*** Artículo escrito para La Nación de Guayaquil, y publicado el martes 19 de noviembre.
No sé cuándo ni cómo empezó pero “poco a poco, lentamente” –como dice la canción– nos hemos ido convirtiendo en una sociedad de apurados, ansiosos y atolondrados, de gente obsesionada por “no dejarse ganar”, de gente obcecada, impulsada por la chifladura de llegar primero… De pronto, y en medio de tan impulsivo como insensato afán, ya no nos importan ni los niños ni las personas con discapacidad; ni tampoco los ancianos, esas personas que ya en el ocaso de su vida, ven nuestros innecesarios apresuramientos con incredulidad y con nostalgia, la nostalgia de un tiempo en que había respeto social, se cedía el paso y se trataba con gentil condescendencia a nuestros mayores, fueran o no nuestros allegados o abuelos…
En ocasiones me pongo a meditar y me pregunto en si esa actitud afrentosa y desaprensiva es solo un síntoma o, más bien, la razón para nuestros desencuentros, para nuestra actitud hostil y pugnaz, para nuestra agresiva falta de cortesía.
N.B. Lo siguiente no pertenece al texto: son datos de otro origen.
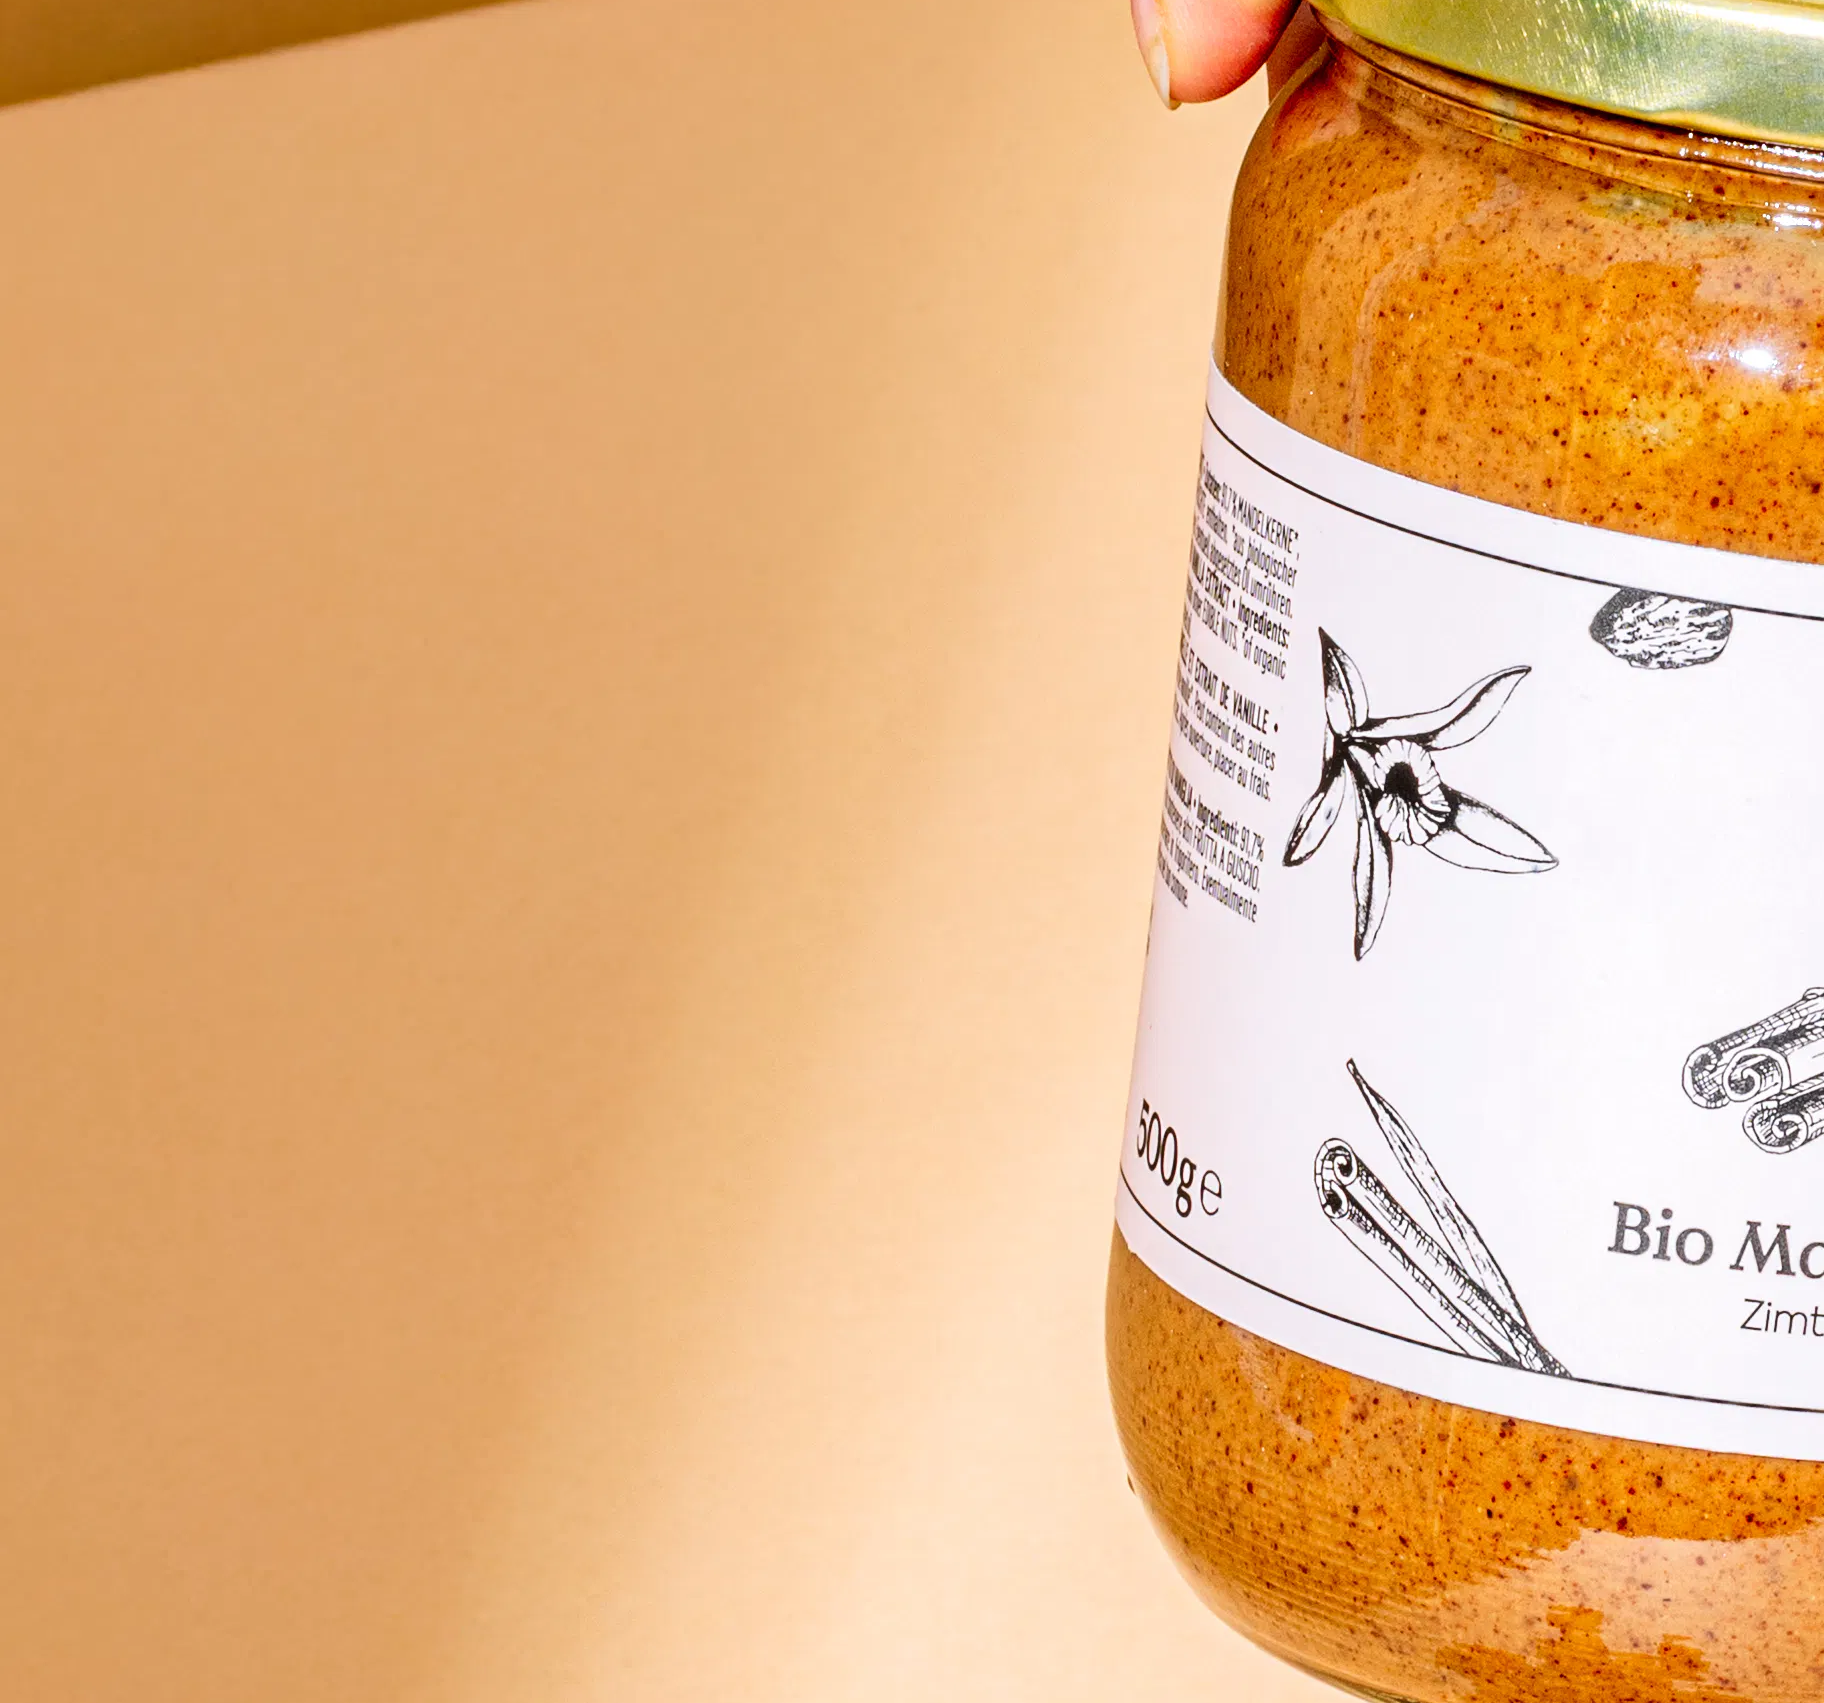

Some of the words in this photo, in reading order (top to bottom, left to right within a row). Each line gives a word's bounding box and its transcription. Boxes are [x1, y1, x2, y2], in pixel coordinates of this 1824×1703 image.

[1245, 537, 1297, 587] biologischer
[1241, 564, 1250, 593] Öl
[1249, 579, 1292, 619] umrühren.
[1237, 596, 1290, 649] Ingredients:
[1253, 645, 1286, 680] organic
[1219, 681, 1230, 710] DE
[1232, 690, 1269, 735] VANILLE
[1230, 724, 1245, 754] des
[1247, 739, 1276, 771] autres
[1213, 748, 1237, 779] placer
[1236, 765, 1248, 788] au
[1249, 766, 1270, 802] frais.
[1192, 824, 1218, 865] FRUTTA
[1218, 846, 1225, 870] A
[1226, 849, 1260, 892] GUSCIO.
[1239, 825, 1265, 862] 91,7%
[1201, 864, 1257, 923] Eventualmente
[1607, 1201, 1714, 1266] Bio
Tuve la fortuna de vivir alrededor de veinte años en Asia y pude experimentar, de primera mano, los motivos o causas para el impetuoso desarrollo de esos pueblos (o, si se quiere, para el fracaso de nuestros empeños), y pude comprender que todo es más fácil cuando existe sentido de comunidad, respeto mutuo; y, consideración para con los ancianos, para quienes ya cumplieron con su esfuerzo.
A veces vemos a nuestros mayores tomando en cuenta solo sus características exteriores, vemos sus achaques y gestos premiosos, los inevitables síntomas de su rendida cronología; pero no sabemos reconocer, en ese mismo cansino o dificultoso trajinar, todo lo que dieron por sus propias familias y el comprometido e incesante esfuerzo con que ellos aportaron a la sociedad. Vemos sus actuales limitaciones pero no su colaboración para el bienestar que hemos recibido por herencia, no apreciamos su serena amabilidad ni su apacible sabiduría. Y lo más importante: no queremos verlos como a un ejemplo o paradigma. “Ya son viejos”, decimos, cual si eso fuera un estigma, como si ello los convirtiera en material de desecho…
Una sociedad es reconocida por su cultura, por sus costumbres y valores. Las sociedades que gozan de mayor bienestar general y son reconocidas como superiores, han sabido dar un trato preferencial a la gente mayor, a la que distinguimos en nuestros días con aquel eufemismo de “tercera edad”, una edad en la que –aunque nos llenemos la boca hablando de inclusión– muchos pierden sus empleos y sus ingresos, y se ven abocados a depender de la conmiseración familiar y de la nunca garantizada estabilidad financiera de las instituciones encargadas de la seguridad social. Ser viejo no es fácil, pero puede ser más llevadero si tratamos a los mayores con amabilidad, les damos asistencia especial y dedicado respeto.
Cierto es que algo se ha procurado en tiempos recientes; sin embargo, la avalancha de antivalores y de falsos principios ha sido superior. Hay todavía mucho por hacer y mucho por mejorar en varias instituciones. Hay en algunos bancos, por ejemplo, una fila reservada para las personas mayores; no obstante, hay agencias que asignan una sola fila para los adultos de mayor edad y, para colmo, las demás ventanillas no ayudan de manera aleatoria a los clientes que forman parte de esa fila. El resultado real es que si los miembros de ese grupo etario no utilizaran la fila correspondiente, y solo se incorporaran a la fila general, es muy probable que terminarían atendidos con mayor premura. Hace falta, por lo mismo, que sean atendidos en la forma que hoy ya lo hacen las farmacias, donde un determinado algoritmo procura que sean tomados en cuenta en la forma más expedita que pudiera ser posible.
Es importante que exista un trato especial para atender con prioridad a las personas de edad; no saberlo reconocer es ya, si no una forma de segregación, una de inaceptable desdén.